___ DATA TO USE ___

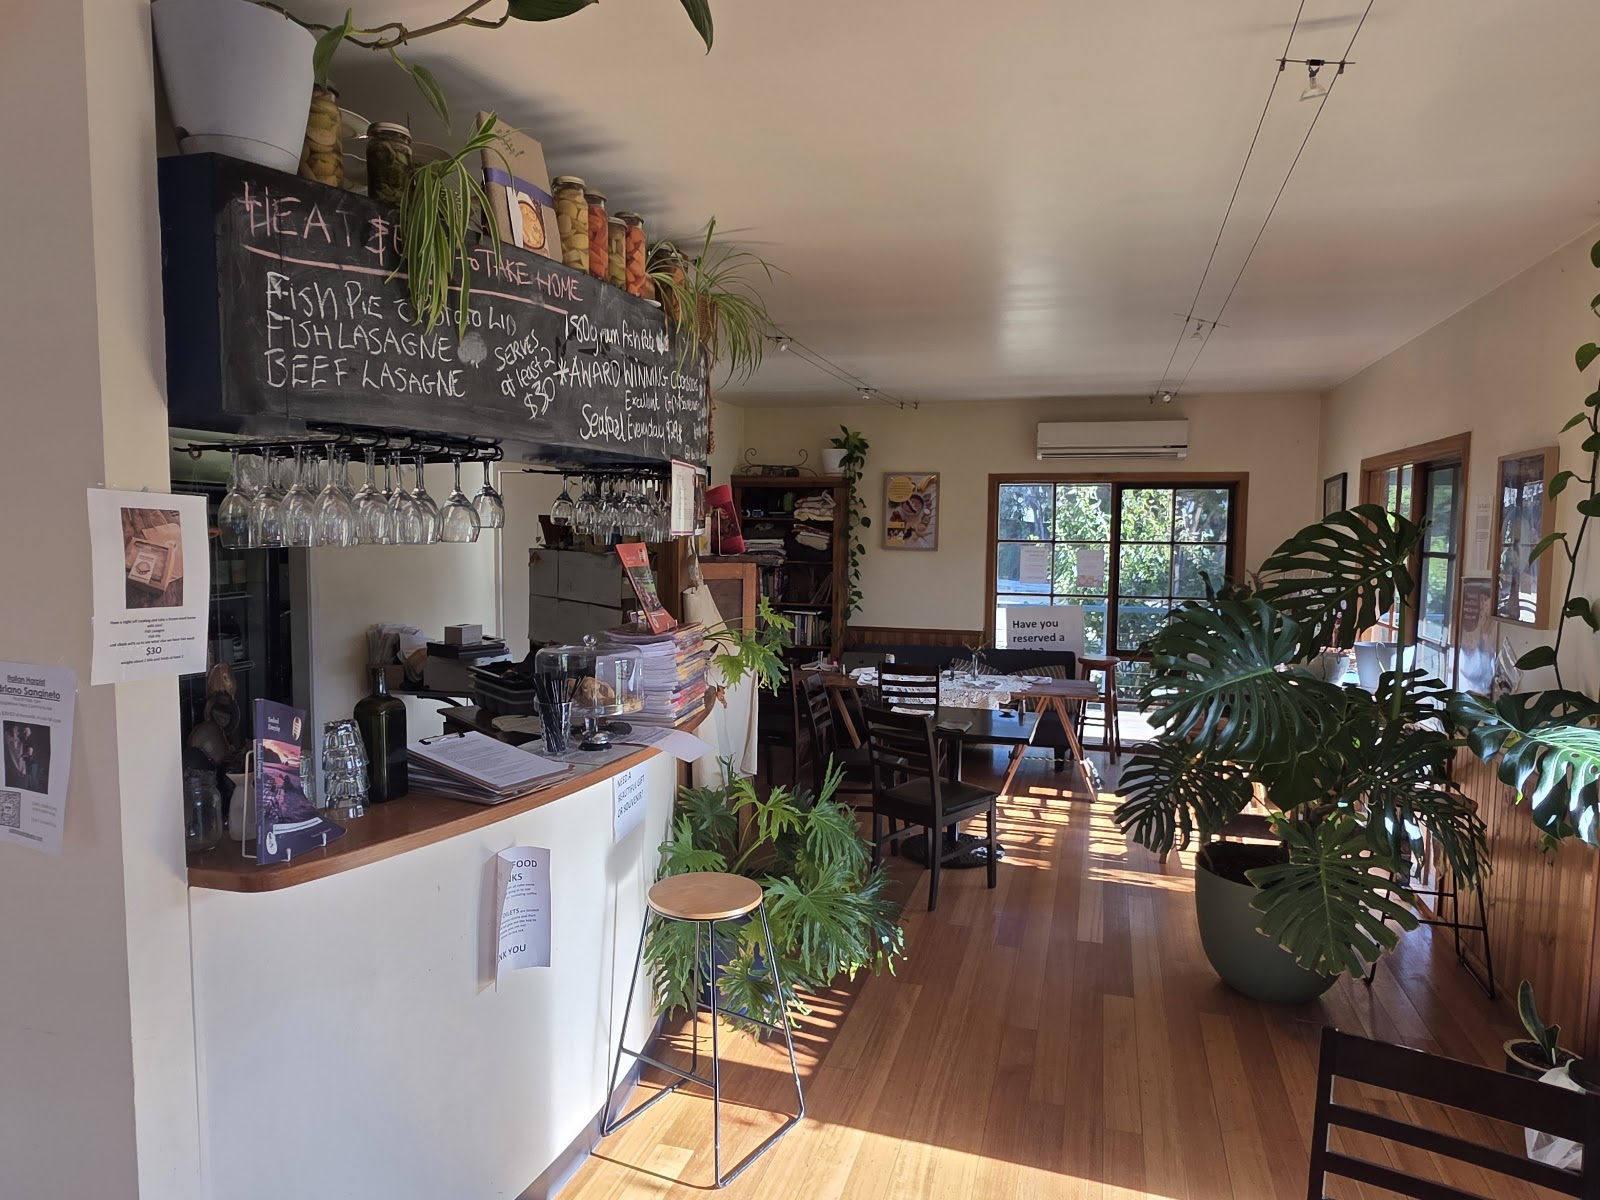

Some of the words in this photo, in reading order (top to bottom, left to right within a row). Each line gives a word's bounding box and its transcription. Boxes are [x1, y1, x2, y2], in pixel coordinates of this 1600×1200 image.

[237, 181, 357, 248] HEAT
[474, 248, 533, 285] TAKE
[535, 270, 583, 302] HOME
[266, 309, 334, 350] FISH
[338, 321, 454, 362] LASAGNE
[488, 306, 517, 336] LID
[494, 328, 540, 372] SERVES
[541, 346, 555, 368] 2
[264, 348, 348, 388] BEEF
[361, 358, 466, 398] LASAGNE
[523, 375, 556, 419] $30
[1012, 620, 1037, 629] Have
[1039, 620, 1059, 630] you
[1012, 633, 1056, 643] reserved
[1058, 634, 1065, 642] a
[145, 646, 162, 656] $30
[24, 686, 61, 700] Sangineto
[508, 943, 527, 956] YOU
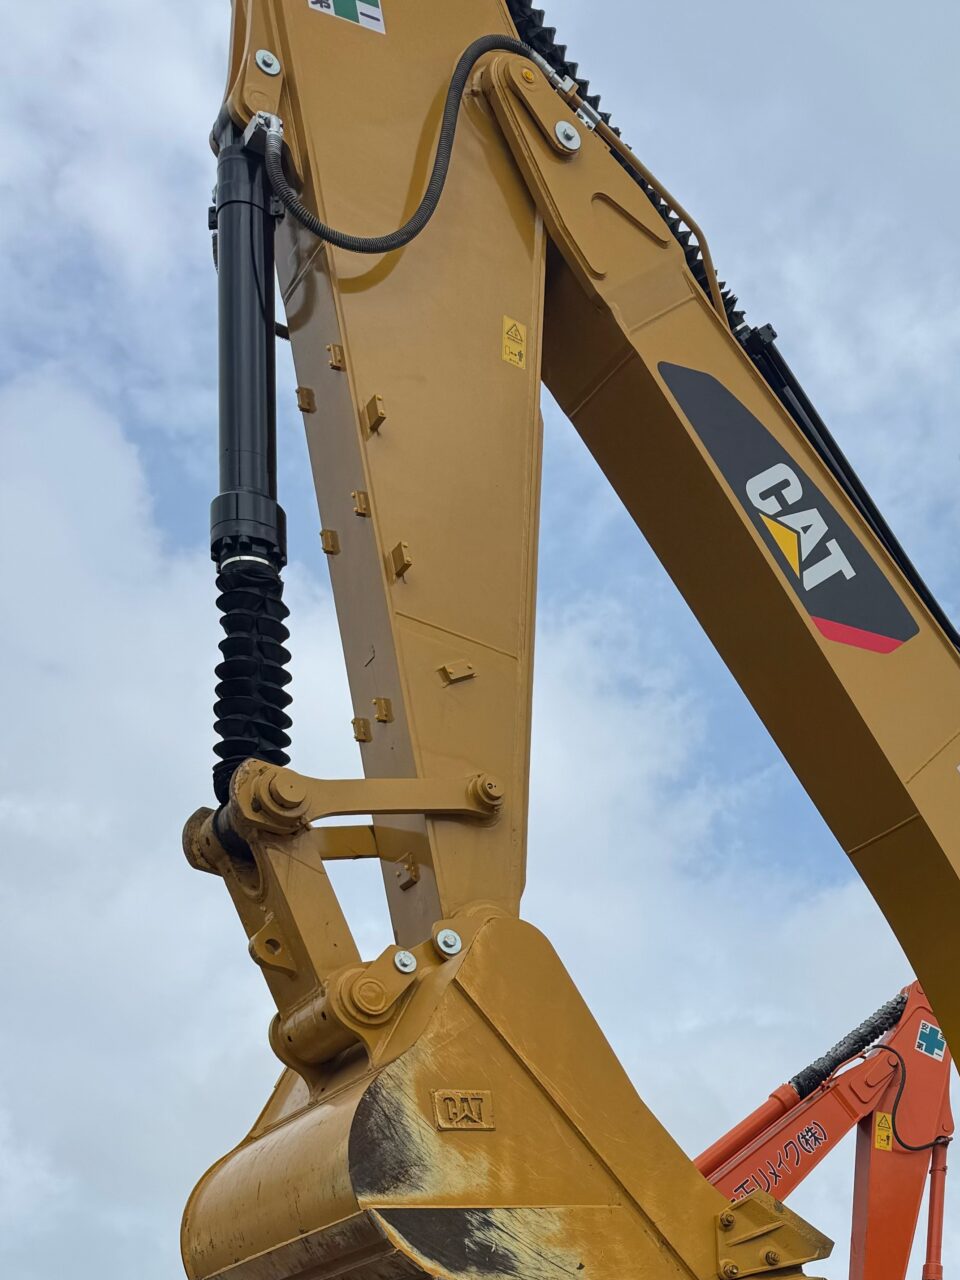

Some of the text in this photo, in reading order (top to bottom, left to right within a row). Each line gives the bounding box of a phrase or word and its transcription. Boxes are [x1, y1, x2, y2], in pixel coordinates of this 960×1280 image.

___

When you print the entries, keep every line exactly as it is and drop the pictures.

Some of the words in this photo, in reading order (top to bottom, left to right within a row). Each line gives a word's bounding box and its transcription. Boxes are [x1, y1, x2, y2], in pixel coordinates of this 1600×1200 image.

[237, 181, 357, 248] HEAT
[474, 248, 533, 285] TAKE
[535, 270, 583, 302] HOME
[266, 309, 334, 350] FISH
[338, 321, 454, 362] LASAGNE
[488, 306, 517, 336] LID
[494, 328, 540, 372] SERVES
[541, 346, 555, 368] 2
[264, 348, 348, 388] BEEF
[361, 358, 466, 398] LASAGNE
[523, 375, 556, 419] $30
[1012, 620, 1037, 629] Have
[1039, 620, 1059, 630] you
[1012, 633, 1056, 643] reserved
[1058, 634, 1065, 642] a
[145, 646, 162, 656] $30
[24, 686, 61, 700] Sangineto
[508, 943, 527, 956] YOU

Some of the text in this photo, in reading order (top to bottom, left to right within a row). Each line gives the bounding box of a phrase or word and its transcription. Boxes are [x1, y1, x2, y2], in pixel coordinates of this 960×1280 image.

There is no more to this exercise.